Nandrolone decanoate usp monograph

Insulin glargine is not appropriate for intravenous administration (IV); the prolonged activity of insulin glargine is dependent on injection into subcutaneous tissue. IV administration of the usual subcutaneous dosage could result in severely low blood glucose concentrations. Long-acting insulin preparations should not be used for diabetic ketoacidosis (DKA), hyperosmolar hyperglycemic state (HHS), diabetic coma, or other emergencies requiring rapid onset of insulin action. Several types, routes, and frequencies of administration of insulin have been studied in patients with DKA and HHS; however, the American Diabetes Association recommends that regular insulin (versus the rapid-acting analogs) by continuous intravenous infusion be used to treat these conditions unless they are considered mild. Regular insulin is also preferred for those patients with poor tissue perfusion, shock, or cardiovascular collapse, or in patients requiring insulin for the treatment of hyperkalemia. Insulin glargine should not be used for continuous subcutaneous insulin infusion (CSII) administration; only quick-acting insulins (., regular insulin, insulin lispro, insulin glulisine, and insulin aspart) should be used by this route of administration.

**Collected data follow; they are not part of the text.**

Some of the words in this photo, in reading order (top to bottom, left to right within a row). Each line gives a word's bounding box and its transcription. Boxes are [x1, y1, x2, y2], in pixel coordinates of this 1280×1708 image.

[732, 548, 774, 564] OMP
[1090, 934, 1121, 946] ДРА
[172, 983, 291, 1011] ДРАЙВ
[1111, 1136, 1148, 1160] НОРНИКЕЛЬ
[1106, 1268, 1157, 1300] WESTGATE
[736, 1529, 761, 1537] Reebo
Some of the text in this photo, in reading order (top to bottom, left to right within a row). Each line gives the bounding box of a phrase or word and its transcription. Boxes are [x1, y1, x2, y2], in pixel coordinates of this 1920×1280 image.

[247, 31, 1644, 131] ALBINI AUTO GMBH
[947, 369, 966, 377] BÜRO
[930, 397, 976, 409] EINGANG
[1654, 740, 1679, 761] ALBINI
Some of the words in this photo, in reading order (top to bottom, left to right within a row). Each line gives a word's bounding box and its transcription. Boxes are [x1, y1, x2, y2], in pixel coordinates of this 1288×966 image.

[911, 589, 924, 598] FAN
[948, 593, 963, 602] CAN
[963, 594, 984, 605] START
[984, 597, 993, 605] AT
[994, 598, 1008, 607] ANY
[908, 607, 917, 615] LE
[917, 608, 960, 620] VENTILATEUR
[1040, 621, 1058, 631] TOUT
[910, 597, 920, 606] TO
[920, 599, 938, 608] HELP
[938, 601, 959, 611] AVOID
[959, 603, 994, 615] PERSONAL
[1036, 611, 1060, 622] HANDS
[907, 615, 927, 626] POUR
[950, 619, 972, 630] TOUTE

Treatment of children and infants on insulin therapy (including regular insulin; isophane insulin, NPH) requires special care. In general, special attention must be given to caloric intake, insulin dosage adjustments, and avoidance of low blood glucose concentrations. Because children < 5 years of age may not be able to identify symptoms of hypoglycemia, several pediatric textbooks recommend less stringent goals for fasting or preprandial blood glucose concentrations (100—200 mg/dL) and HbA1C (—9). The majority of insulin preparations have been studied in pediatric patients; however, it may be difficult to achieve glycemic control in children with fixed ratios of quick-acting and intermediate-acting insulin mixtures. When using fixed ratio mixtures of insulin, both insulin types (., the quick-acting and the intermediate-acting components) are adjusted upward or downward which may affect glycemic control undesirably.